Other Issues, Problems and Wrinkles
Nothing about cannabis legalization is ever going to be easy, and Germany has been no exception.
The first problem on the ground is that the supply chain here has had several major hits, from the beginning. This is even though the supply has come from ostensibly otherwise reliable sources. Companies in Canada and in Holland have all had different kinds of problems with delivery (for different reasons) throughout this period.
Right now, there is a major reorganization afoot in Holland which may also be affecting the recent decision on the Dutch side to reorganize how the government picks (private) German narcotics distributors. Aurora also had product pulled last fall because of labelling and processing issues. But these, no matter how momentous momentarily, are also just waves in a cannabis ocean that is still choppy. Domestic sales continue to expand and foreign producers can still find a foothold in a still fairly open market.
As a result, even with a new dronabinol competitor, Israel, Australia and South Africa as well as multiple European countries now in advanced export schemes, the supply problem is still a thorny one, but not quite as thorny as it used to be.
However, On The CBD Front…
Things have gotten even more complicated since the repeated decisions on Novel Food at the EU level. Namely, last year’s decision that the only CBD extract that is not “Novel” is extracted from seeds, has thrown the entire industry into a major fluff. Especially when such decisions begin to filter down via a federal and regional approach. This has begun to happen. Indeed, the city of Cologne, in Germany’s most populous state just banned all CBD that is not labelled per an EU (although admittedly) non-binding resolution on the issue.

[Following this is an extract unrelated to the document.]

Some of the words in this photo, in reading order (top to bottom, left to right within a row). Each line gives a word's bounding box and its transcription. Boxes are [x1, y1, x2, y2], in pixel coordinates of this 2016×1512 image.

This in turn is leading to a renewed push for the obvious: recreational cannabis.
Where Is the Recreational Discussion Auf Deutschland? The recreational movement, generally, has been handed several black eyes for the last three years. Namely, that greater reform was not preserved in the first cannabis legalization that passed, albeit unanimously, in the German Parliament in 2017. However, as many recognized, the first, most important hurdle had just been broached. And indeed, that cautious strategy has created a steadily increasing, high quality (at least for the most part) medical market that is unmatched anywhere in the world except perhaps Israel.

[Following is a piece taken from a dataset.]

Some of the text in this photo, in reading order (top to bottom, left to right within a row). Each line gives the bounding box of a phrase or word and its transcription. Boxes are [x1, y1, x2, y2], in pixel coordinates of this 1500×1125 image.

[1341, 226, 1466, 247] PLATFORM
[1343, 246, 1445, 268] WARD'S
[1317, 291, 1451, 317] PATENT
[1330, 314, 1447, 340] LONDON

Now, however, there are other issues in the room. The CBD discussion is mired in endless hypocrisy and meddling at both the state country level and the EU. There are many Germans who are keen to try cannabis beyond any idea of cannabis as therapy. Remember that Germany has largely managed to contain the outbreak, despite the emergence of several recent but isolated hotspots of late. In Frankfurt, for example, with the exception of more people on kurzarbeit (which is not visible), most street traffic proceeds apace these days with masks on, but with that exception or two, feels pretty much back to “normal.” And of course, economic development in the form of exports is one of Germany’s favorite pastimes.
Beyond that, the needle has absolutely moved across Europe. Several countries, including Greece and Portugal as well as the UK’s Channel Islands, have already jumped on the cannabis economic development bandwagon, and this is only going to encourage the Germans as well as other similar conversations across the region. It has even showed up in France.
And of course, it is not like the implications of Luxembourg and Switzerland as well as recent efforts in Holland to better regulate the recreational industry there, have not been blatantly obvious to those in Europe’s largest medical market.
Look for new shoots and leaves, in other words of the next stage of cannabis reform to take hold auf Deutschland. And soon. It is inevitable.